Annotated photo localization data →

______

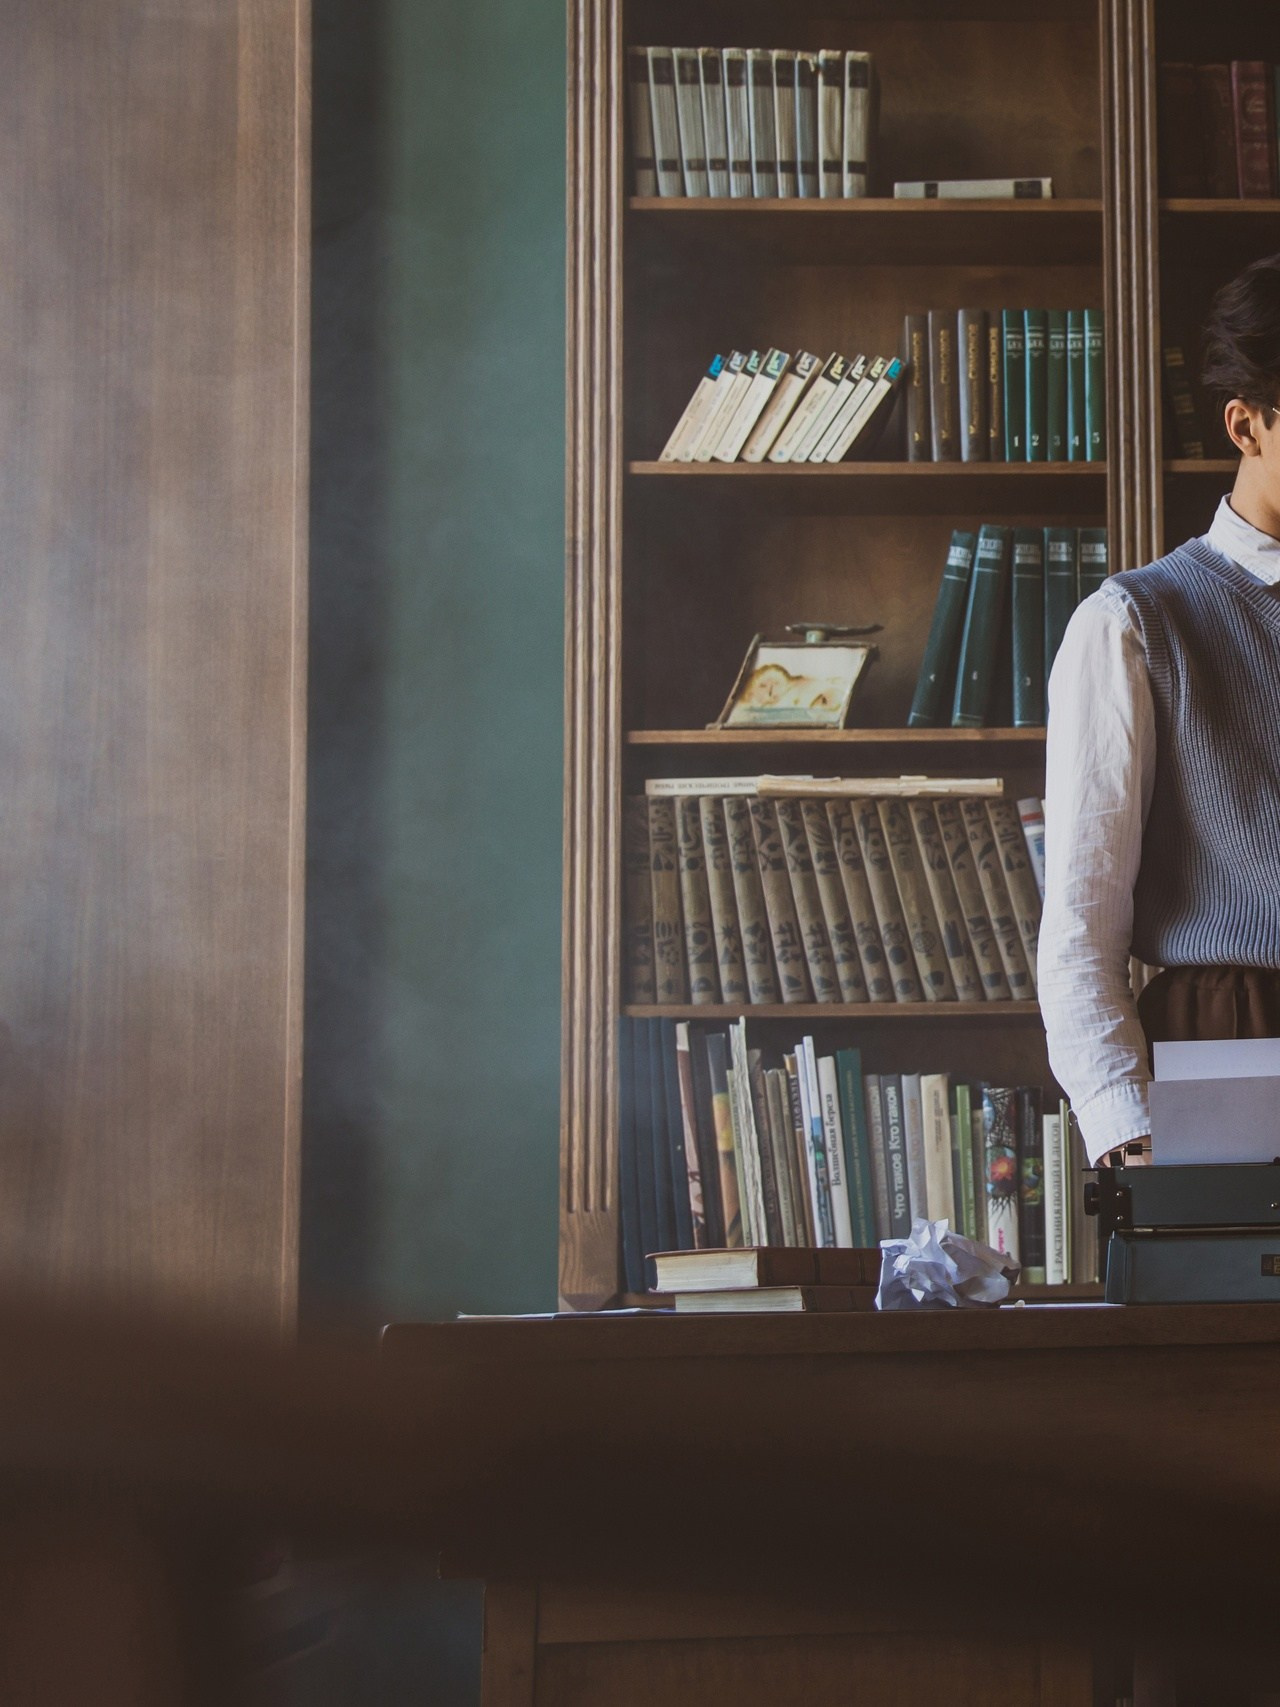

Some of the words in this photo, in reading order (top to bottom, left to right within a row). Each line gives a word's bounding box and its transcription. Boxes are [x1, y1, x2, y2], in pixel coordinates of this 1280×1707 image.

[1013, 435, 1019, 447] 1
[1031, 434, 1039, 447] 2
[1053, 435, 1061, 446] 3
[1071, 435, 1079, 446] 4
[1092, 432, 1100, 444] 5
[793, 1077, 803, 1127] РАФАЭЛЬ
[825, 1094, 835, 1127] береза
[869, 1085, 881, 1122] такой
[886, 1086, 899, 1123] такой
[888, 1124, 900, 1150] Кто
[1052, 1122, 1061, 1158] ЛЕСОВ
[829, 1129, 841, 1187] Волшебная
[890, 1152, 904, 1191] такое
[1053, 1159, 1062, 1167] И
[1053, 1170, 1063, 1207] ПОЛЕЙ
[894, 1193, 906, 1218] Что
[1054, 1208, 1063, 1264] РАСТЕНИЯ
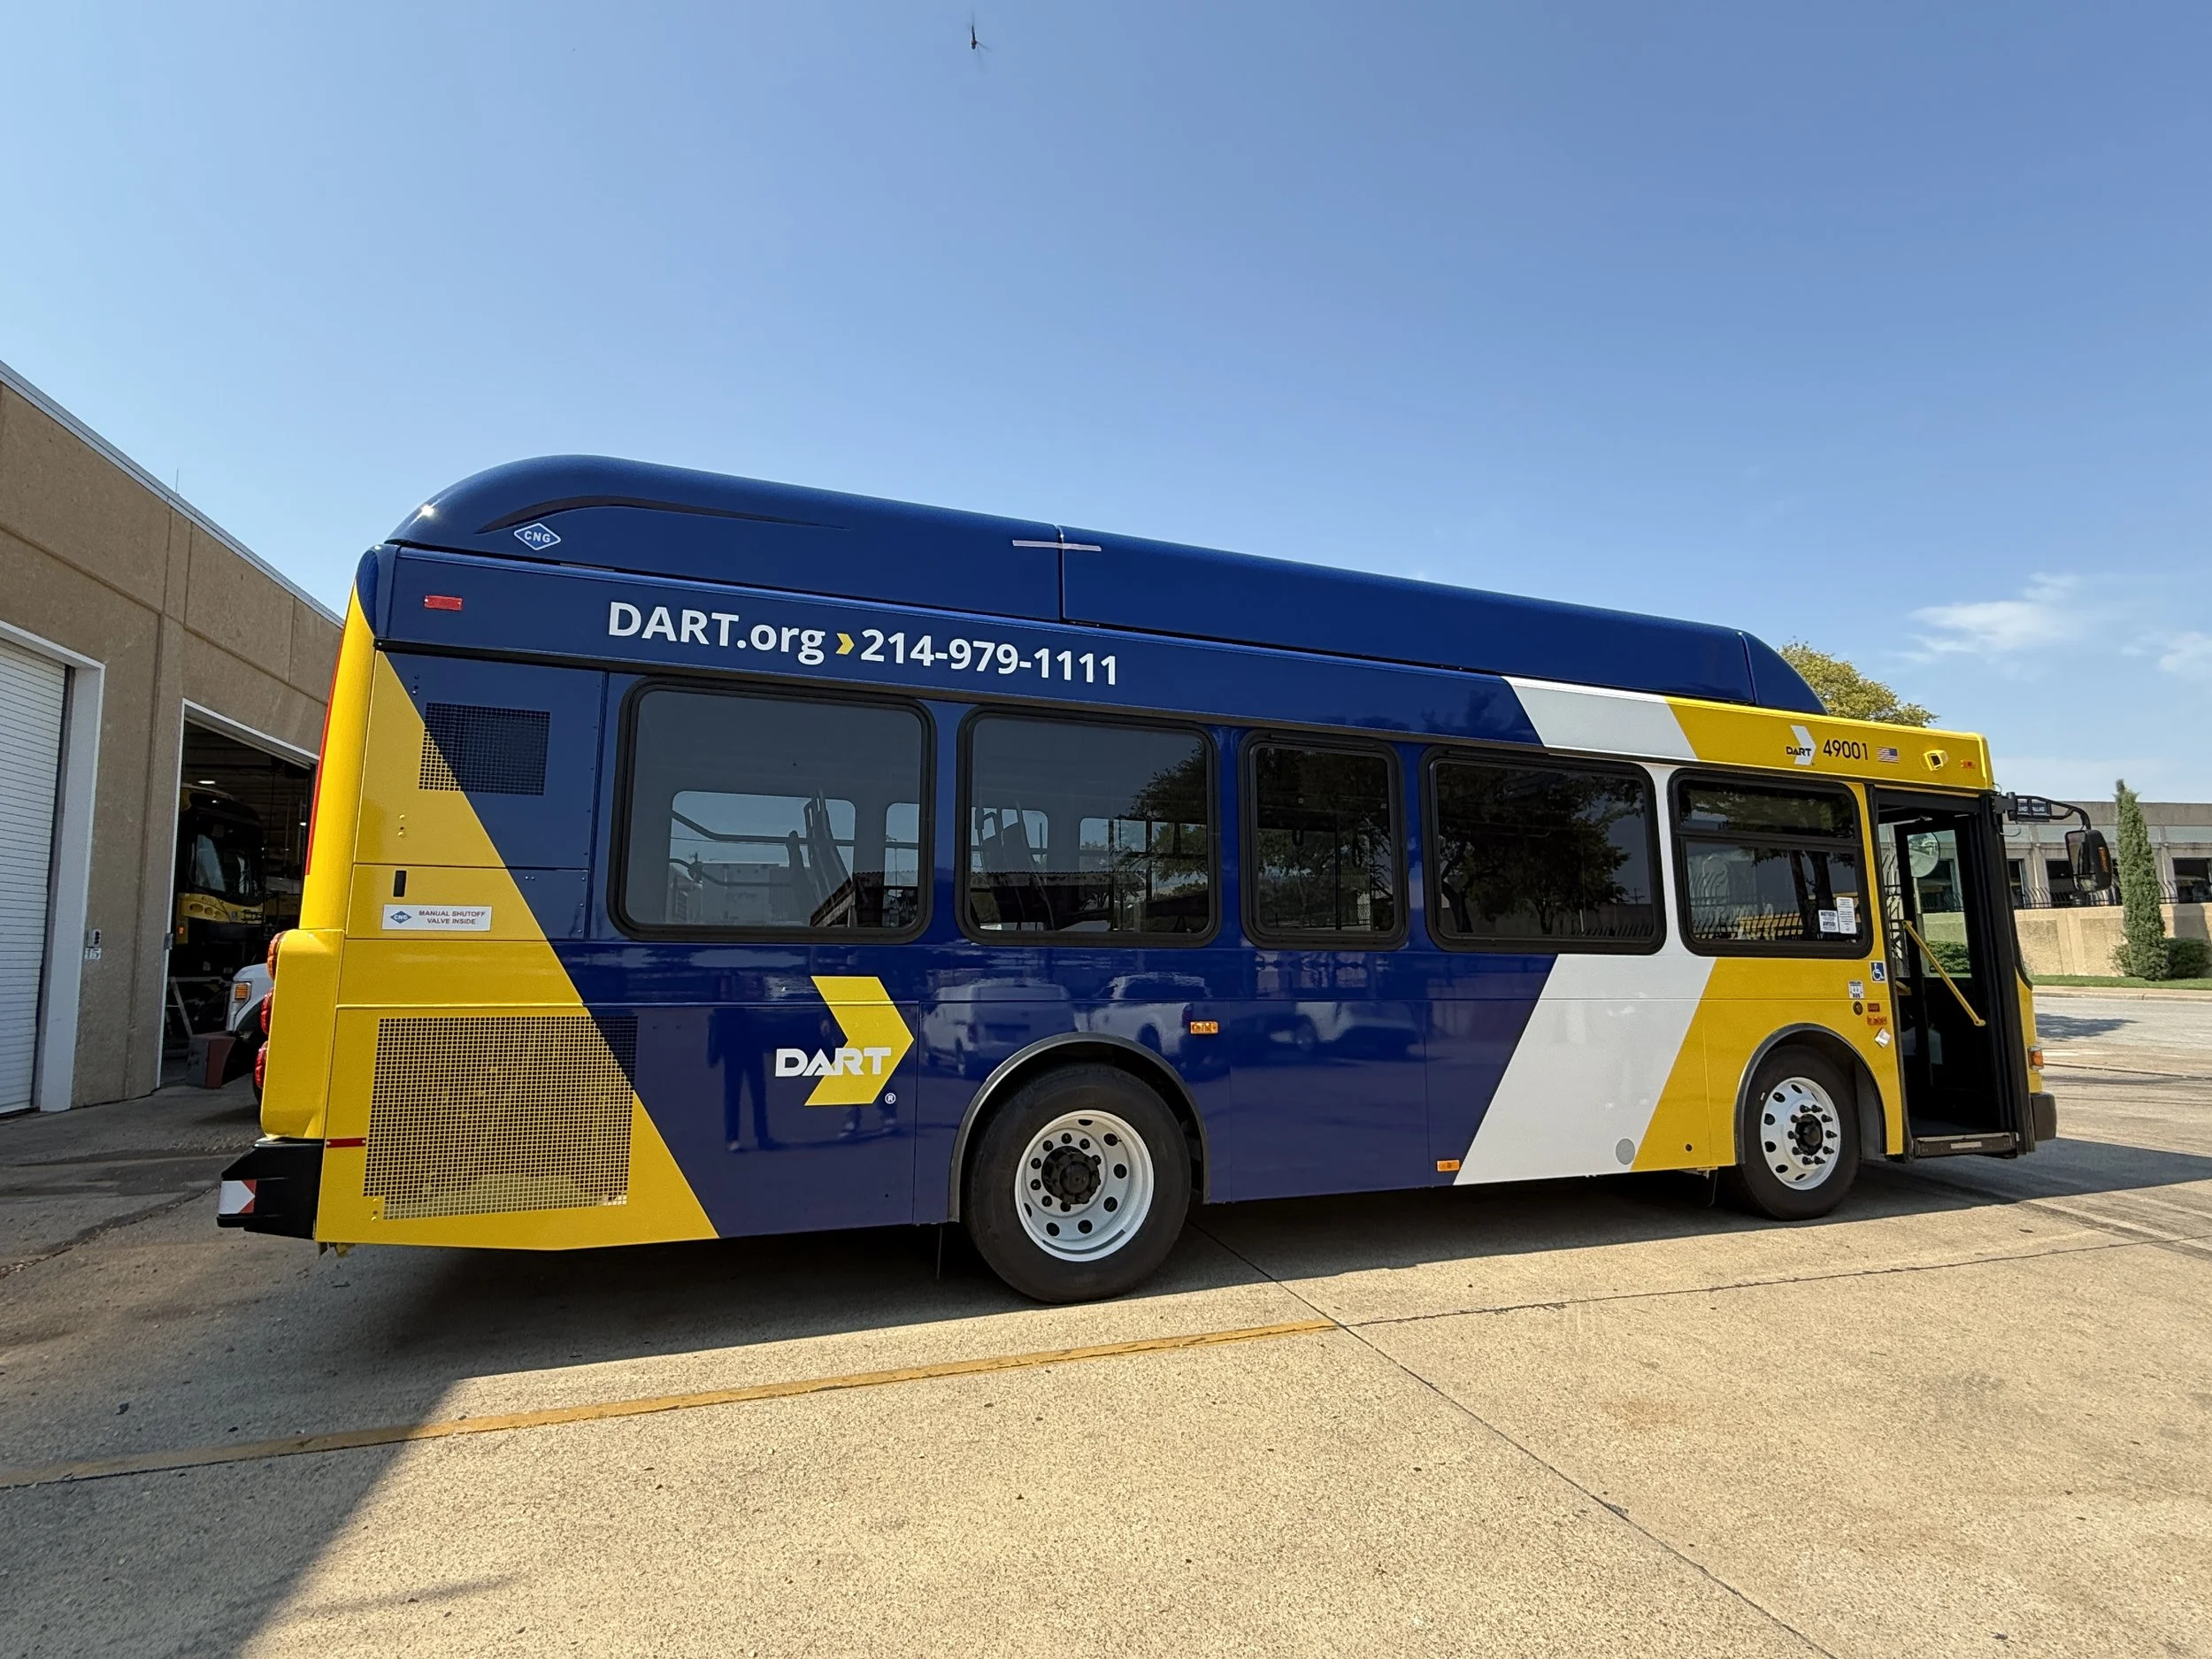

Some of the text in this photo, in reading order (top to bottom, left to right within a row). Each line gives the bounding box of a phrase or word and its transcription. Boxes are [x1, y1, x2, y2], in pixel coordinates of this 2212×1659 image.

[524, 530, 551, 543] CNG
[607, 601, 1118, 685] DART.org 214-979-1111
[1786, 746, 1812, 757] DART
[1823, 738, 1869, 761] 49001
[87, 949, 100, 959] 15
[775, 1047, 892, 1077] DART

______

Task instructions →
Reproduce the entries above exactly. Do not include the images.

Answer for the task →
Some of the words in this photo, in reading order (top to bottom, left to right within a row). Each line gives a word's bounding box and its transcription. Boxes are [x1, y1, x2, y2], in pixel coordinates of this 1280×1707 image.

[1013, 435, 1019, 447] 1
[1031, 434, 1039, 447] 2
[1053, 435, 1061, 446] 3
[1071, 435, 1079, 446] 4
[1092, 432, 1100, 444] 5
[793, 1077, 803, 1127] РАФАЭЛЬ
[825, 1094, 835, 1127] береза
[869, 1085, 881, 1122] такой
[886, 1086, 899, 1123] такой
[888, 1124, 900, 1150] Кто
[1052, 1122, 1061, 1158] ЛЕСОВ
[829, 1129, 841, 1187] Волшебная
[890, 1152, 904, 1191] такое
[1053, 1159, 1062, 1167] И
[1053, 1170, 1063, 1207] ПОЛЕЙ
[894, 1193, 906, 1218] Что
[1054, 1208, 1063, 1264] РАСТЕНИЯ

Some of the text in this photo, in reading order (top to bottom, left to right within a row). Each line gives the bounding box of a phrase or word and its transcription. Boxes are [x1, y1, x2, y2], in pixel coordinates of this 2212×1659 image.

[524, 530, 551, 543] CNG
[607, 601, 1118, 685] DART.org 214-979-1111
[1786, 746, 1812, 757] DART
[1823, 738, 1869, 761] 49001
[87, 949, 100, 959] 15
[775, 1047, 892, 1077] DART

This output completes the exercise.